DATA FOR REVIEW: Begin
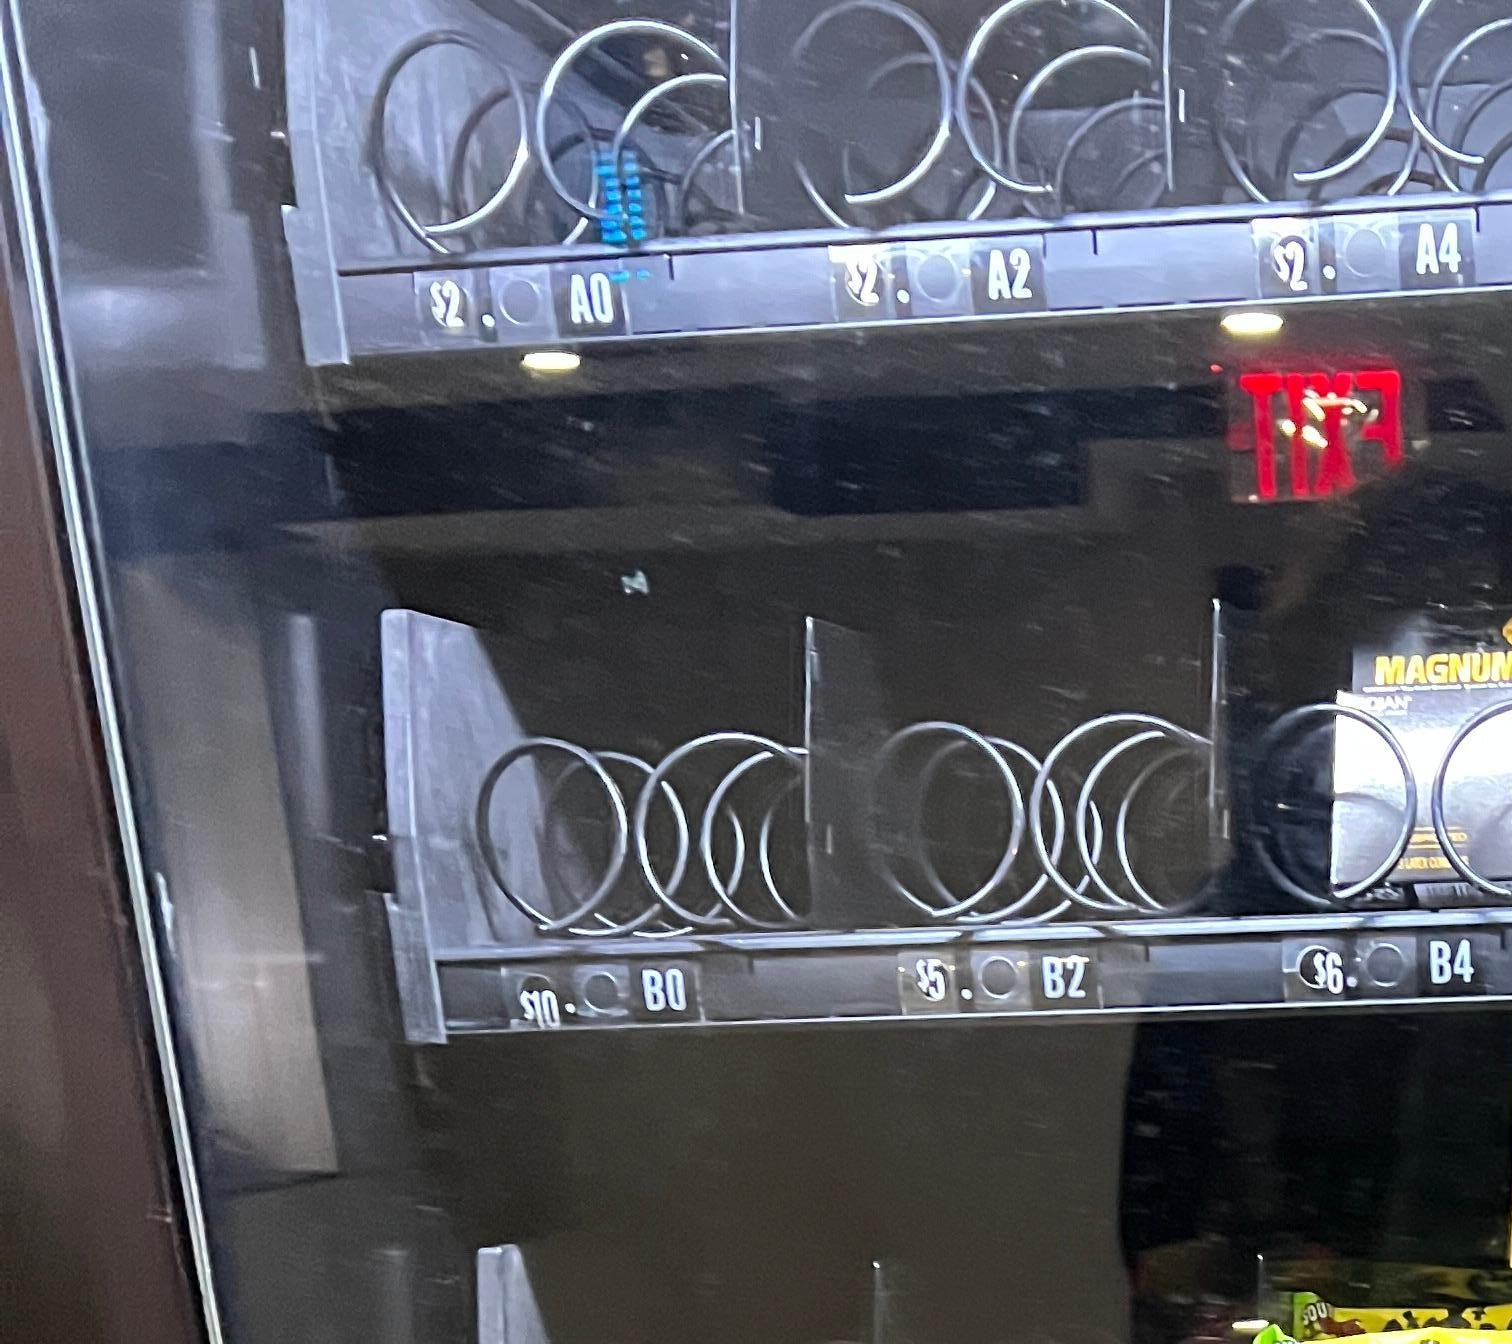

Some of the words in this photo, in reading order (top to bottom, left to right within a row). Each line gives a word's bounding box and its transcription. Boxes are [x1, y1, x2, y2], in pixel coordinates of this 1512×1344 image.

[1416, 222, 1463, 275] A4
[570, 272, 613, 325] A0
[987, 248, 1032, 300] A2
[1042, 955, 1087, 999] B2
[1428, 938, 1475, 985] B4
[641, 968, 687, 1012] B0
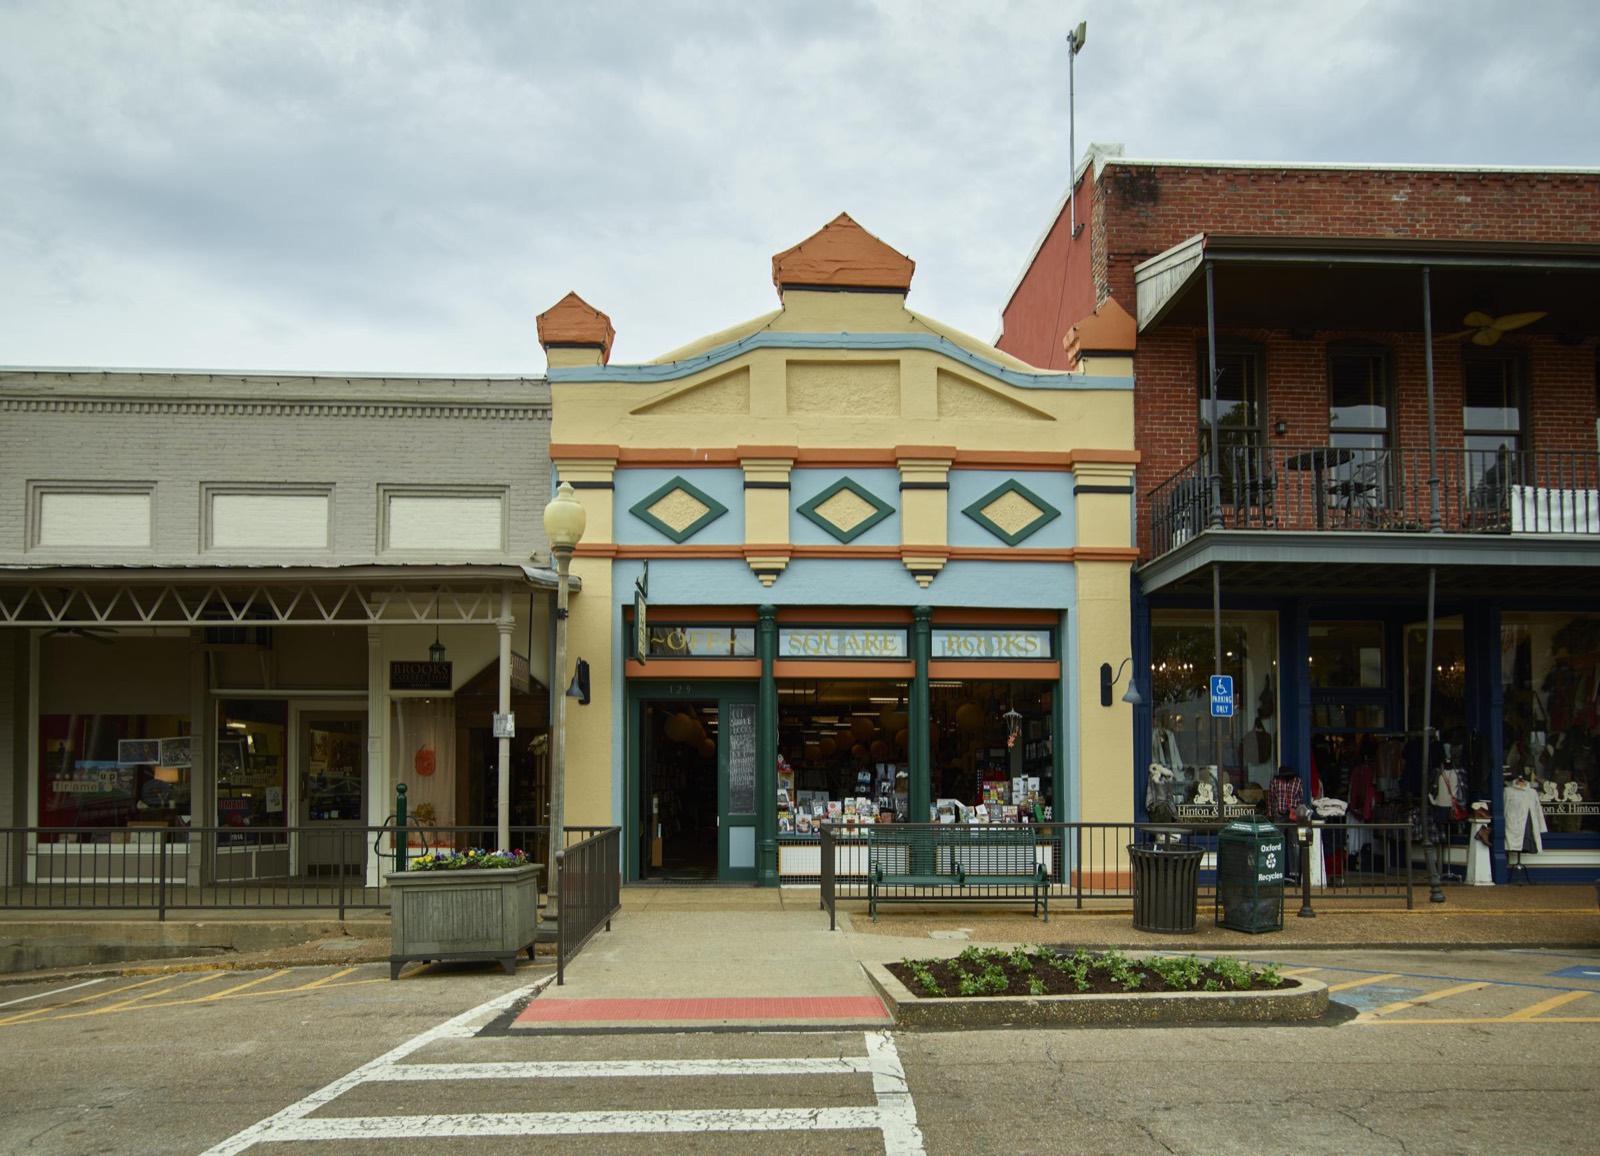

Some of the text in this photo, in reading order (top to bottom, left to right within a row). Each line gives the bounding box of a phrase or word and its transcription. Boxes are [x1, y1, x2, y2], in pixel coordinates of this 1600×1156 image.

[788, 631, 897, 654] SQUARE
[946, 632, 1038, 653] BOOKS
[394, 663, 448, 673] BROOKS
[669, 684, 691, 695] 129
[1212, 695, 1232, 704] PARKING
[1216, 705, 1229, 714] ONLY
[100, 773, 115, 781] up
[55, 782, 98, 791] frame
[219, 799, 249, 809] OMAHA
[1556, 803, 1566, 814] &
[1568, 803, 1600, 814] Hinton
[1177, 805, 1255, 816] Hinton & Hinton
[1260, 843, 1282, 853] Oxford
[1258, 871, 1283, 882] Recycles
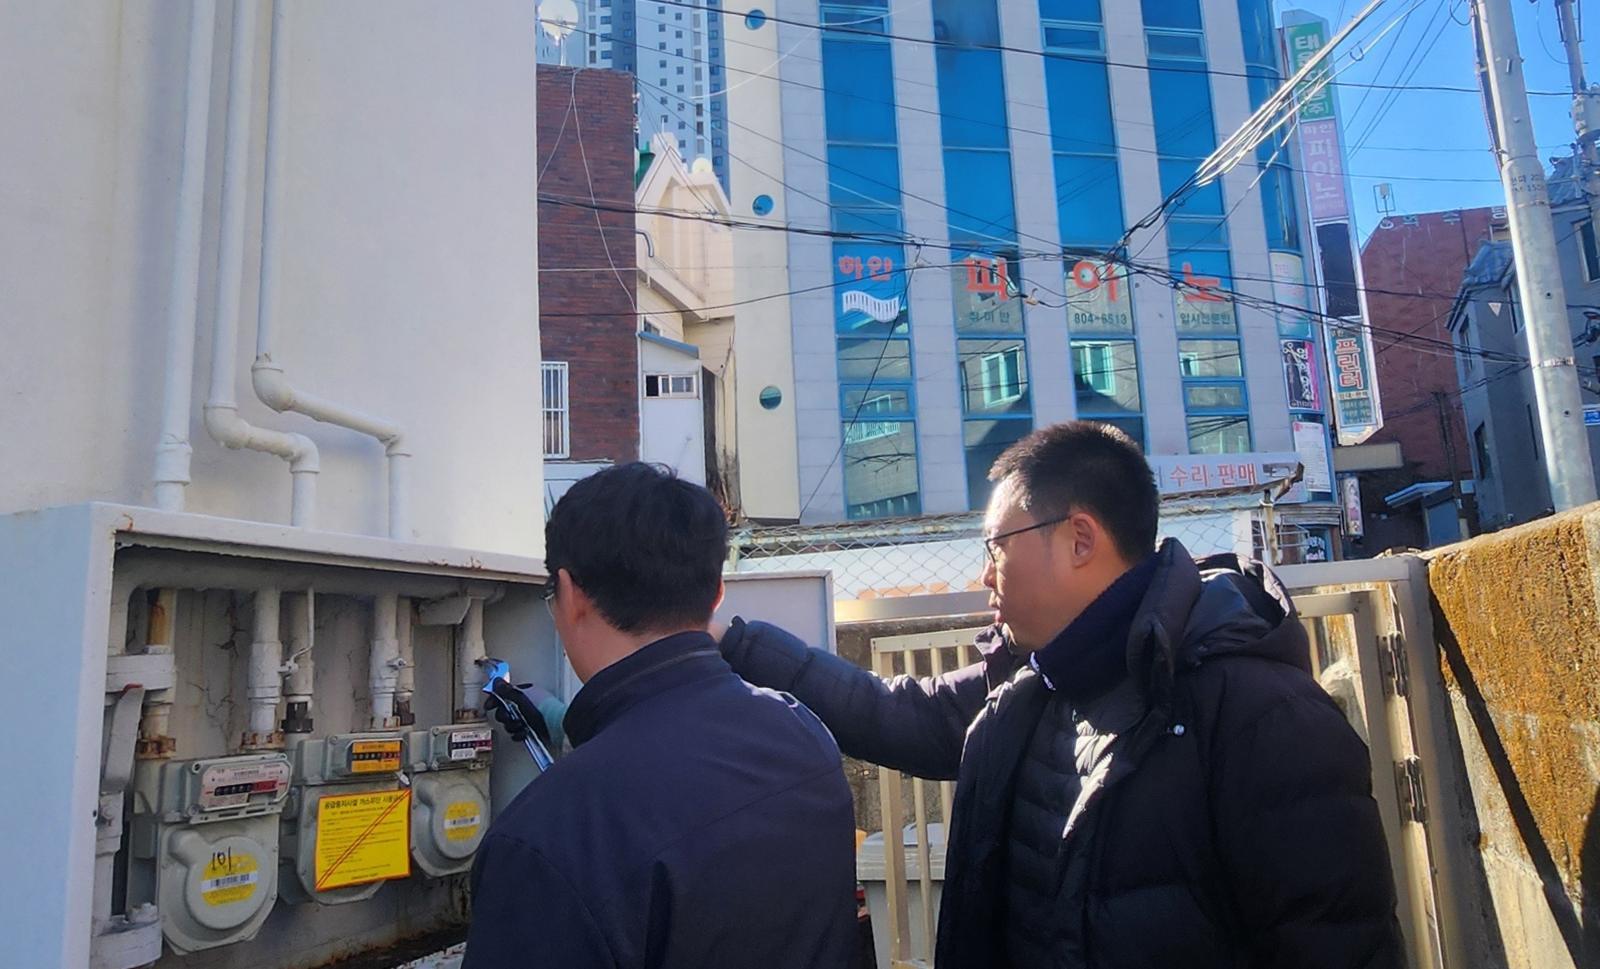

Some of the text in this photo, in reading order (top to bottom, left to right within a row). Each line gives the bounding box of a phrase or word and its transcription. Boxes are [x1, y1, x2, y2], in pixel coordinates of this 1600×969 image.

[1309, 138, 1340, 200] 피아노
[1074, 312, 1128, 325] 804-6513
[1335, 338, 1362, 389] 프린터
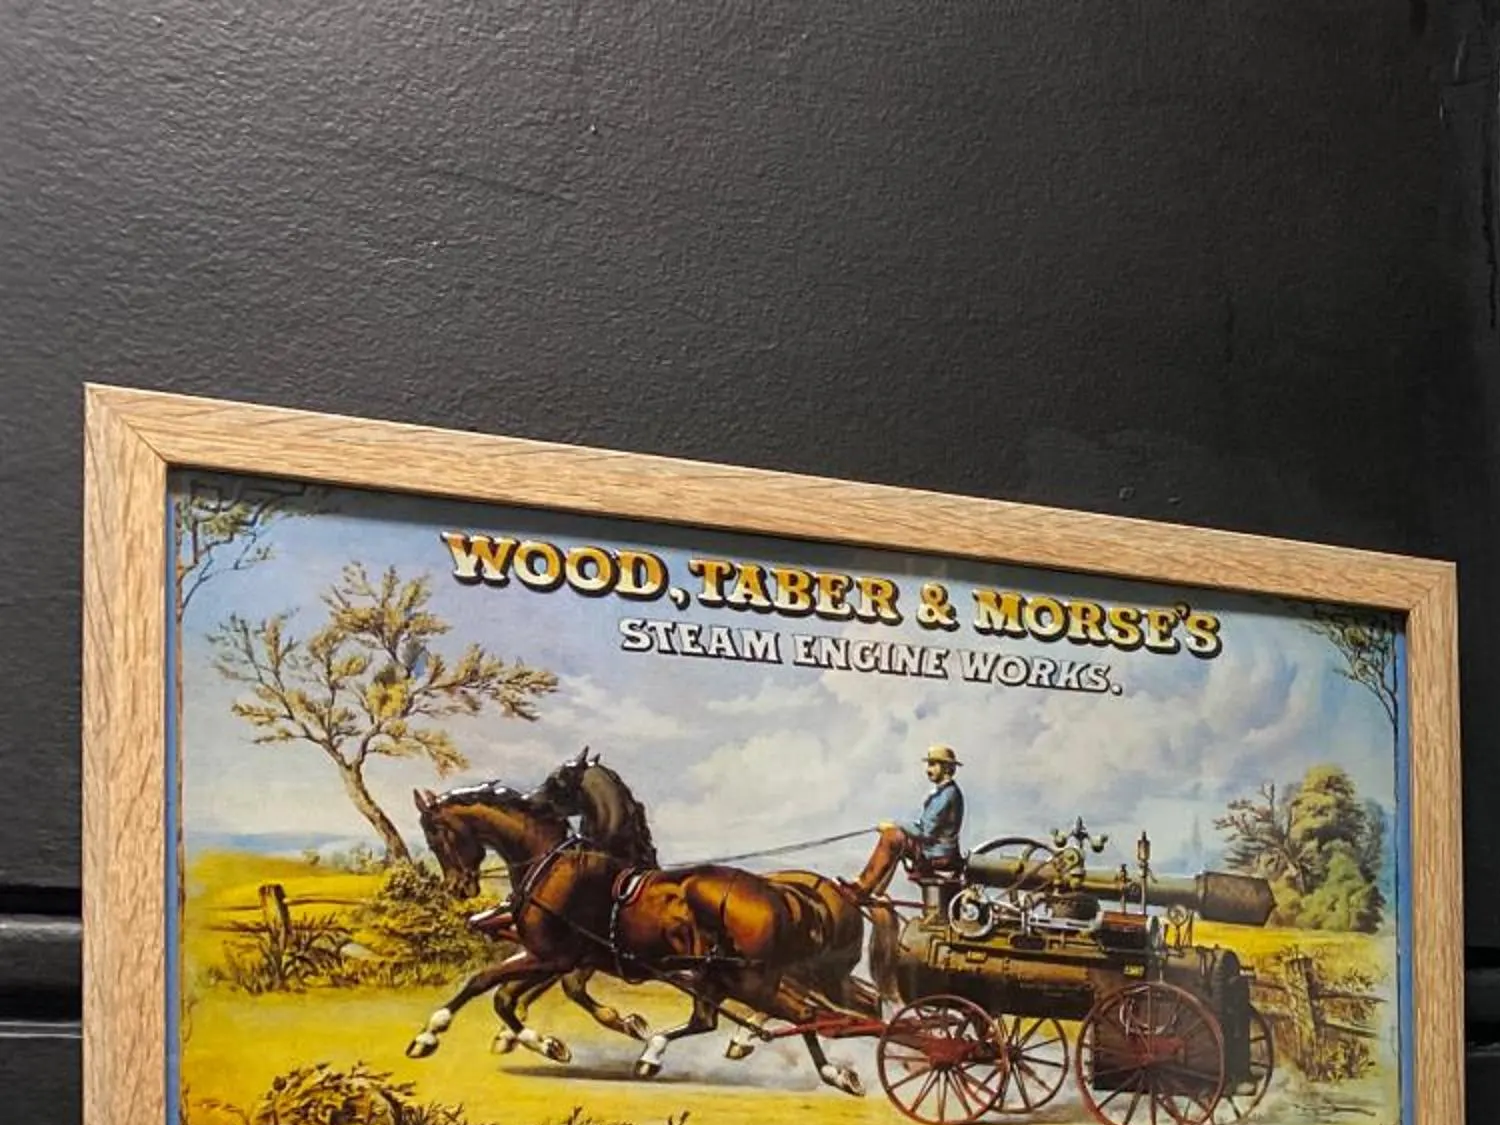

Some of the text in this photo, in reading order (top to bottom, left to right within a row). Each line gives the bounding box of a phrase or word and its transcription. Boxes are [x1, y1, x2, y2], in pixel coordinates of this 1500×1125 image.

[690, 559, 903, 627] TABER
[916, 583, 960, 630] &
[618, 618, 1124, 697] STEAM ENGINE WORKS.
DATA FOR REVIEW: End
| ABOUT THIS TASK |
Without the pictures, write out every entry exactly as it appears.

| RESPONSE TO THE TASK |
Some of the words in this photo, in reading order (top to bottom, left to right within a row). Each line gives a word's bounding box and its transcription. Boxes are [x1, y1, x2, y2], in pixel coordinates of this 1512×1344 image.

[1416, 222, 1463, 275] A4
[570, 272, 613, 325] A0
[987, 248, 1032, 300] A2
[1042, 955, 1087, 999] B2
[1428, 938, 1475, 985] B4
[641, 968, 687, 1012] B0

Some of the text in this photo, in reading order (top to bottom, left to right within a row). Each line gives the bounding box of a phrase or word and its transcription. Boxes are [x1, y1, x2, y2], in pixel coordinates of this 1600×1156 image.

[788, 631, 897, 654] SQUARE
[946, 632, 1038, 653] BOOKS
[394, 663, 448, 673] BROOKS
[669, 684, 691, 695] 129
[1212, 695, 1232, 704] PARKING
[1216, 705, 1229, 714] ONLY
[100, 773, 115, 781] up
[55, 782, 98, 791] frame
[219, 799, 249, 809] OMAHA
[1556, 803, 1566, 814] &
[1568, 803, 1600, 814] Hinton
[1177, 805, 1255, 816] Hinton & Hinton
[1260, 843, 1282, 853] Oxford
[1258, 871, 1283, 882] Recycles

Some of the text in this photo, in reading order (top to bottom, left to right within a row). Each line gives the bounding box of a phrase or word and its transcription. Boxes are [x1, y1, x2, y2], in pixel coordinates of this 1600×969 image.

[1309, 138, 1340, 200] 피아노
[1074, 312, 1128, 325] 804-6513
[1335, 338, 1362, 389] 프린터

Some of the text in this photo, in reading order (top to bottom, left to right within a row). Each line gives the bounding box of a phrase or word and its transcription. Boxes are [x1, y1, x2, y2], in pixel coordinates of this 1500×1125 image.

[690, 559, 903, 627] TABER
[916, 583, 960, 630] &
[618, 618, 1124, 697] STEAM ENGINE WORKS.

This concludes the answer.